In a historic move to revamp the fiscal system in Nigeria, Alhaji Bola Tinubu signed four bills regarding tax reform into law on June 26, 2025. These bills, namely the Nigeria Tax Act (NTA), the Nigeria Tax Administration Act (NTAA),
Nigeria Revenue Service Establishment Act (NRSEA) and Joint Board of Revenue Establishment Act (JRBEA). Even as Nigeria approaches the implementation phase, these tax reform bills have become the subject of strong discussion, with reports of changes since the law was passed.
While most public discussion and analysis has focused on title characteristics, several important areas that may result in unintended consequences or untapped opportunities for better tax implementation have been significantly less examined, and in the following sections, I highlight some of these dimensions and their potential implications.

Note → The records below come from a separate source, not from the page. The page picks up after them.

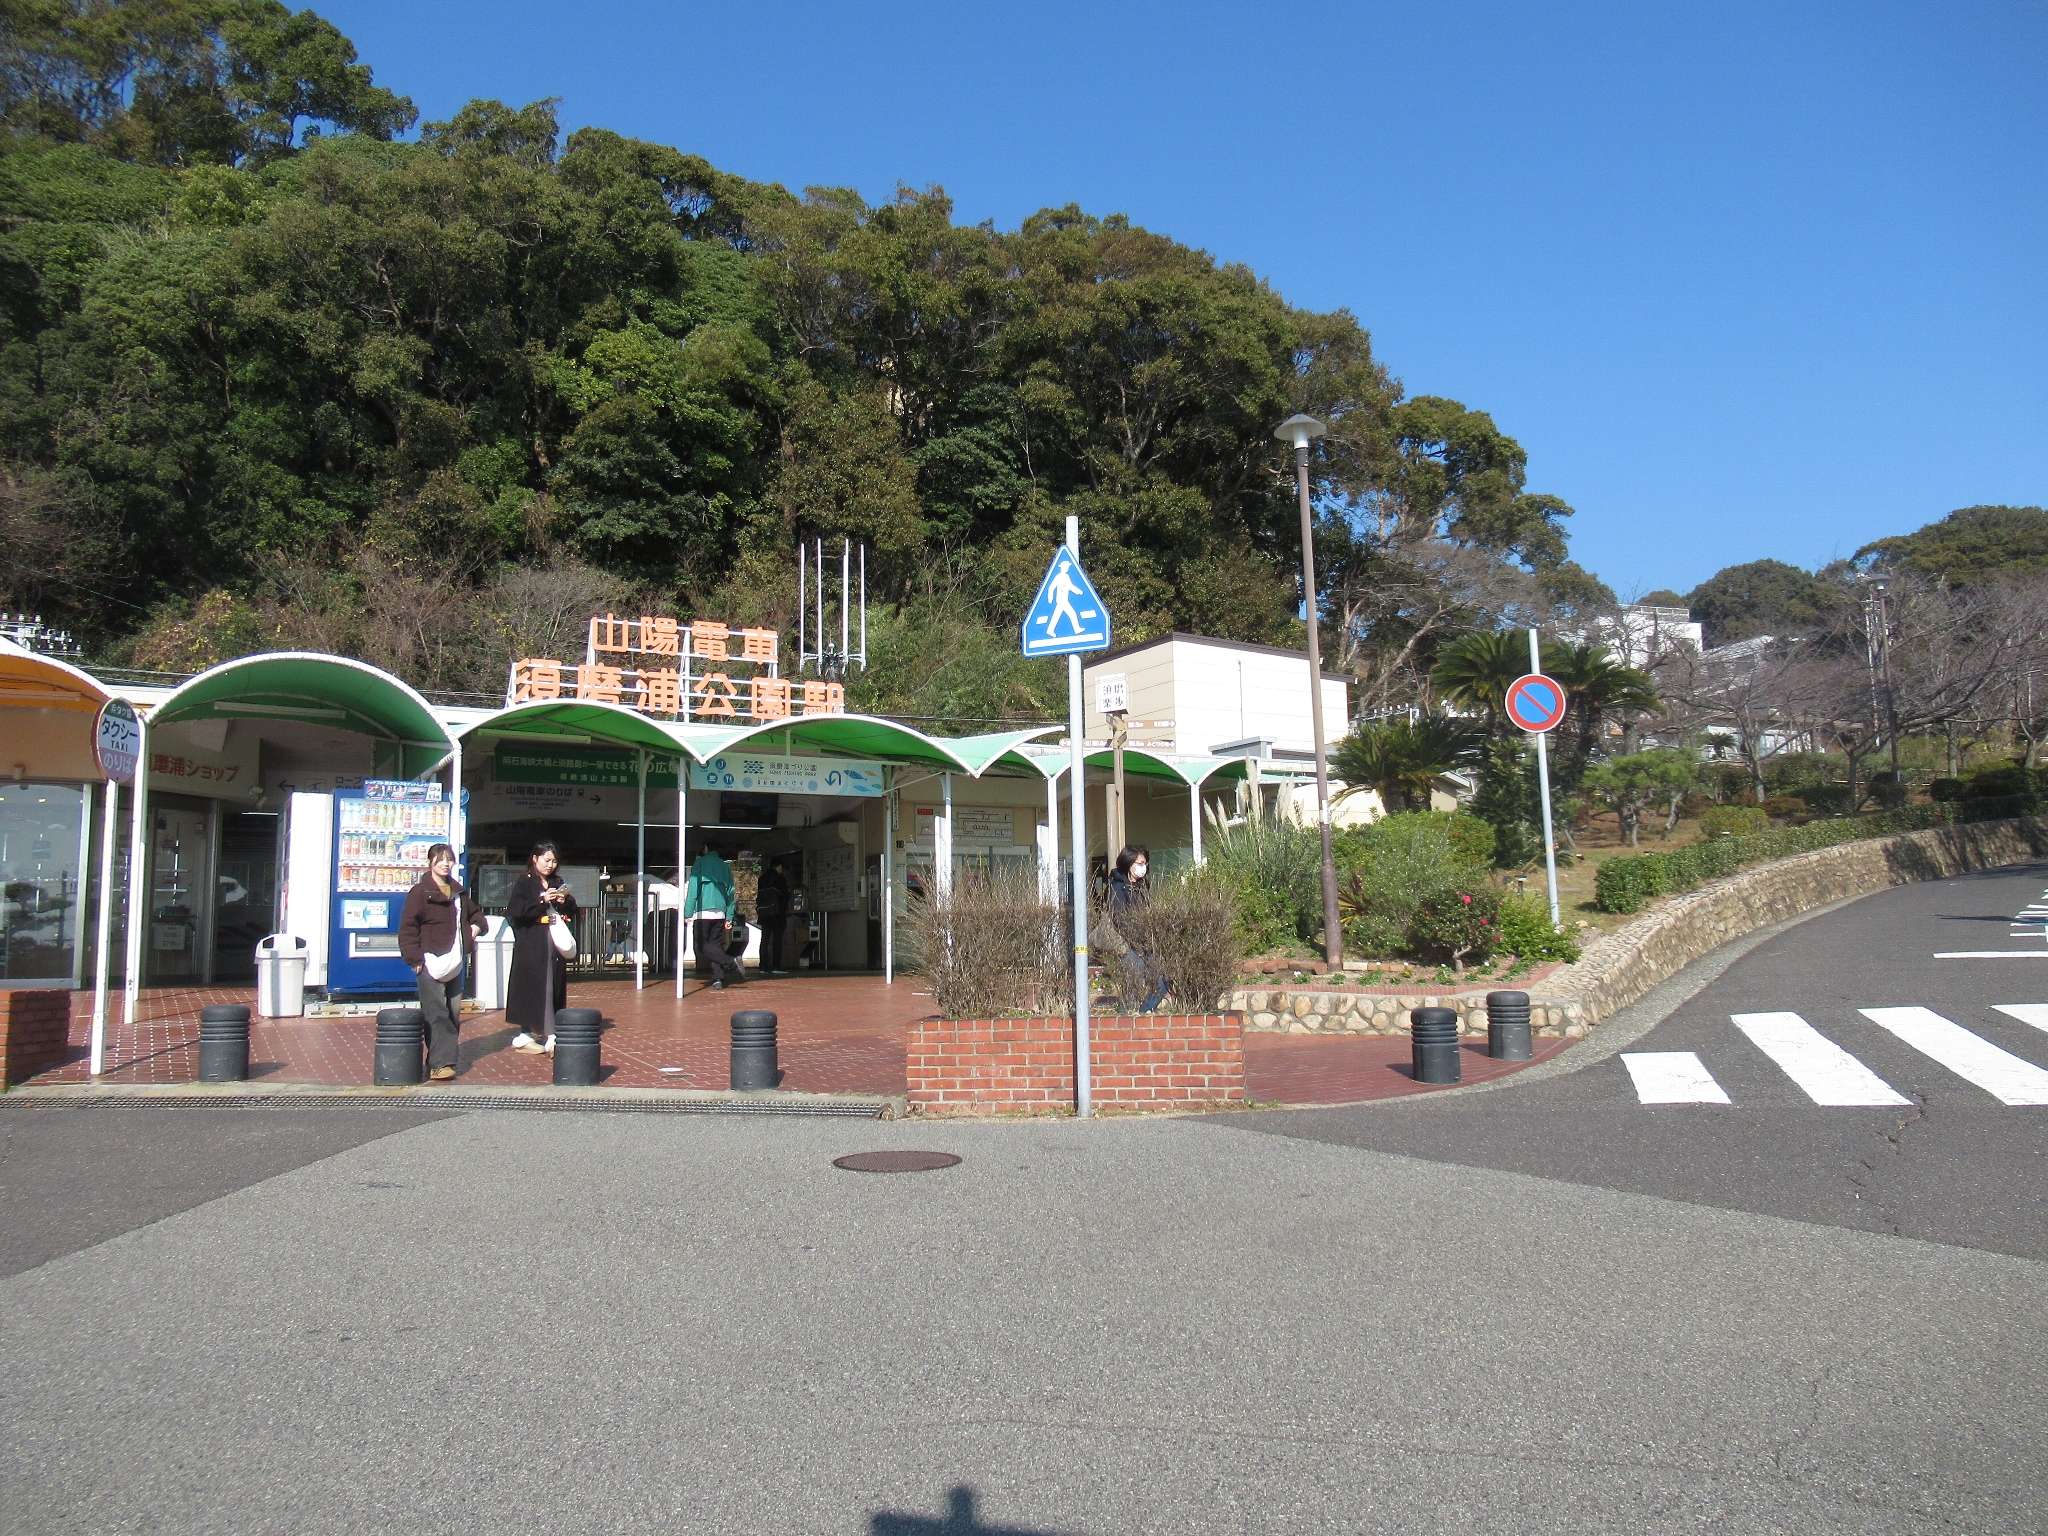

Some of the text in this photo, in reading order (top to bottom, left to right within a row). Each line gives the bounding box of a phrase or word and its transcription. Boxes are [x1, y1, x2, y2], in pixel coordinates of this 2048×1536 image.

[592, 613, 778, 664] 山陽電車
[514, 657, 845, 720] 須磨浦公園駅
[101, 717, 138, 740] タクシー
[111, 740, 128, 752] TAXI
[103, 752, 135, 776] のりば

The informal sector and its treatment: The informal economy is responsible for employing over 90% of Nigeria's workforce, which includes market vendors, artisans and small-scale business operators who may have incomplete accounts or limited tax knowledge. The estimated tax provision will cater to this group needing to pay taxes based on their estimated income, thus bringing them into the tax net. An important consideration in this aspect is the possibility of enforcement action against this group, which may force them to operate on a hidden or underground economy, when there is a lack of adequate education and simplified systems for easy tax compliance for this group, who are largely dependent on undocumented systems or very rudimentary cash income. While this relaxation is very welcome for small-scale business operators (turnover less than NGN 100 million per annum), much remains to be done for this group, who operate cash-based businesses and may even be unregistered, otherwise it could potentially lead to increased theft.
Implications for fiscal federalism and state autonomy: With changes in VAT sharing, the federal share is reduced while the share of states and local governments increases, with sub-allocation based on equality (50%), population (20%), and consumption (30%). This leads to etymological theories that favor consumption-heavy areas, coincidentally, the southern states. This makes the right economic decision, but given how polarized the Nigerian political environment is, it could worsen regional tensions, citing in this case the unfair treatment of under-represented northern states.

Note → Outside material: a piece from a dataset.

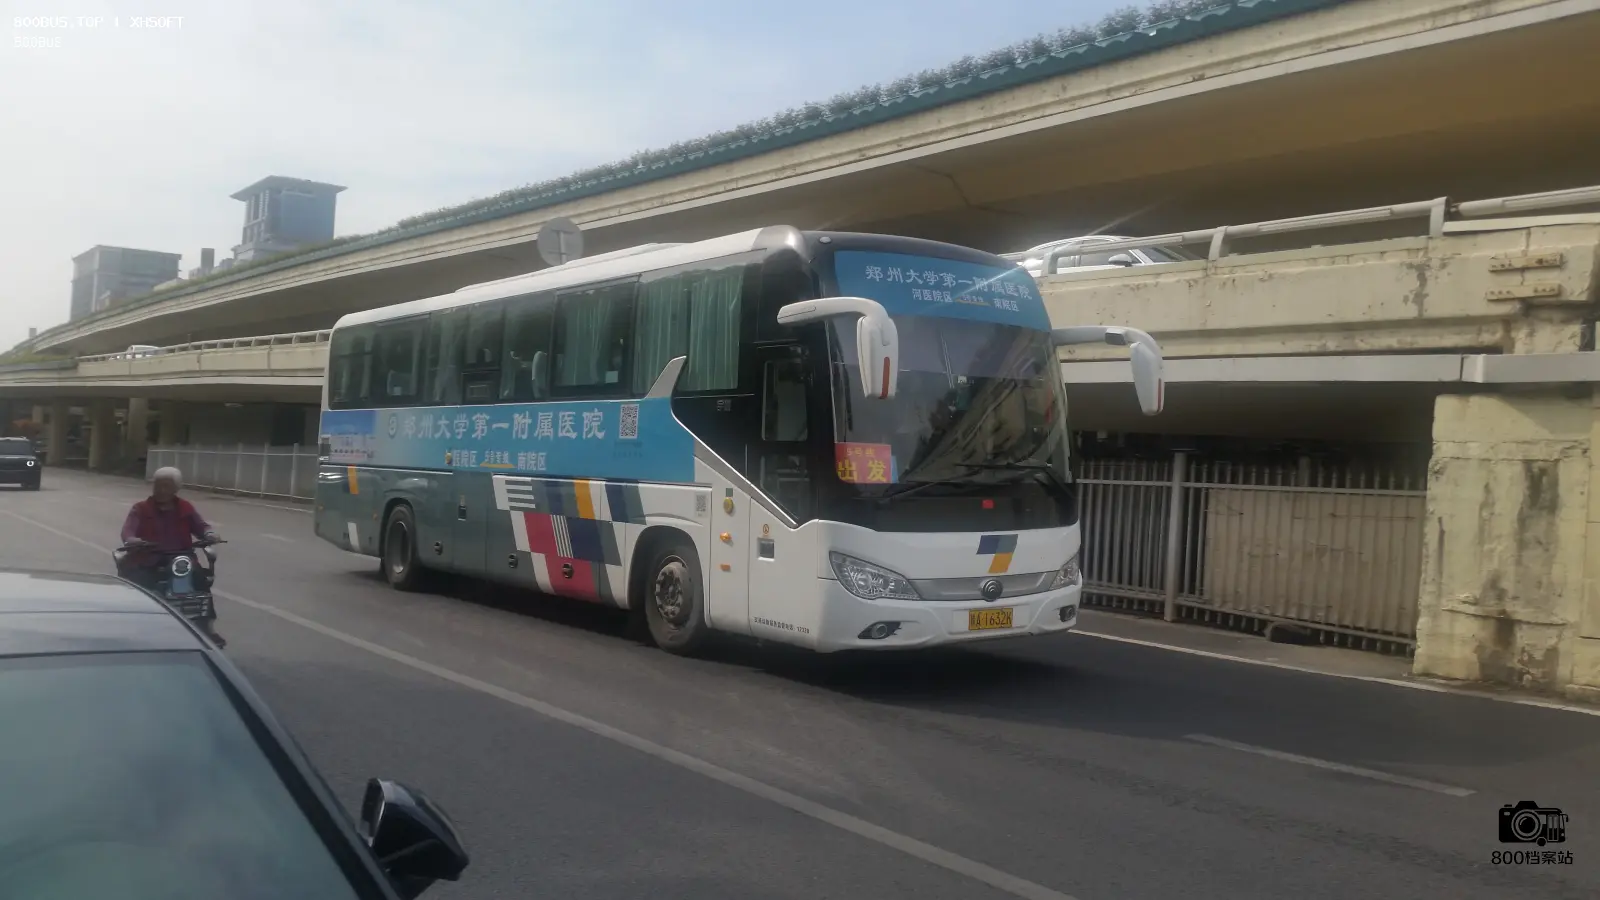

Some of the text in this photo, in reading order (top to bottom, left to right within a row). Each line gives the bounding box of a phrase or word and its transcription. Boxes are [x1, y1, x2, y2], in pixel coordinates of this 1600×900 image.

[865, 265, 1032, 300] 郑州大学第一附属医院
[401, 408, 606, 440] 郑州大学第一附属医院
[445, 449, 478, 468] 医院区
[517, 451, 547, 471] 南院区

Digital Economy and Taxation on Remote Workers: Among other factors, the increase in internet adoption has created a lot of opportunities for Nigerian youth.
The act taxes residents on worldwide income, including foreign-earned digital services, freelancing and remote work. Nigeria partners with over 100 countries for data exchange, and these earnings will be easy to track. This affects millions of freelancers or remote workers at foreign firms on platforms like Upwork, many of whom were not already tax exempt. In some cases, issues like double taxation may arise, then compliance burden (self-assessment, official exchange rates), enforcement feasibility etc. If these workers feel that taxes are unfair, they may reduce work hours, which, in turn, may deter talent retention or promote informal reporting, especially without strong support for digital nomads.

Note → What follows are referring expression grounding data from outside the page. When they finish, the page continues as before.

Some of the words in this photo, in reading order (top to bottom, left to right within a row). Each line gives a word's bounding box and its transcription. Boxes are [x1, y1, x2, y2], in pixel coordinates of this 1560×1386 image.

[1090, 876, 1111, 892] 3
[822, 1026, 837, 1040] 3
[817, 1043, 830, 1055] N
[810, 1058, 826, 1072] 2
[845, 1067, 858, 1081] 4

Environmental and energy implications of fossil fuel surcharge: 5% surcharge on fossil fuel products like petrol and diesel will help incentivize clean fuels with exemption to LPG, CNG and alternative fuels.
For a country highly dependent on oil, there will be a consequent increase in the cost of living, including an increase in fuel pump price, up to an additional ₦45-₦50 per litre, a real cost to households and businesses, given the epileptic power supply and drive for generators.
Revenue uses are not earmarked for spending on green projects, and they prioritize fiscal needs above environmental goals. Behavioral changes in switching to clean fuels and inflationary transfers are relatively poorly understood areas.
Gender issues and women's occupations
The informal sector is dominated by women as traders and small enterprise owners, many of whom face significant barriers to accessing formal financing and credit.
While the tax reforms' relaxation for companies will provide relief to many women-owned SMEs, the law lacks targeted, gender-specific measures to address the unique challenges faced by women entrepreneurs. Another concern is the complete absence of recognition or provisions for unpaid care work. A significant portion of Nigerian women serve as housewives, stay-at-home parents, or primary caregivers, roles that provide essential but uncompensated contributions to household and social well-being. The tax system does not provide any kind of financial sanction, credit or relief for this labour, ignoring the opportunity to promote greater gender equality through deductions, allowances or other compensatory measures.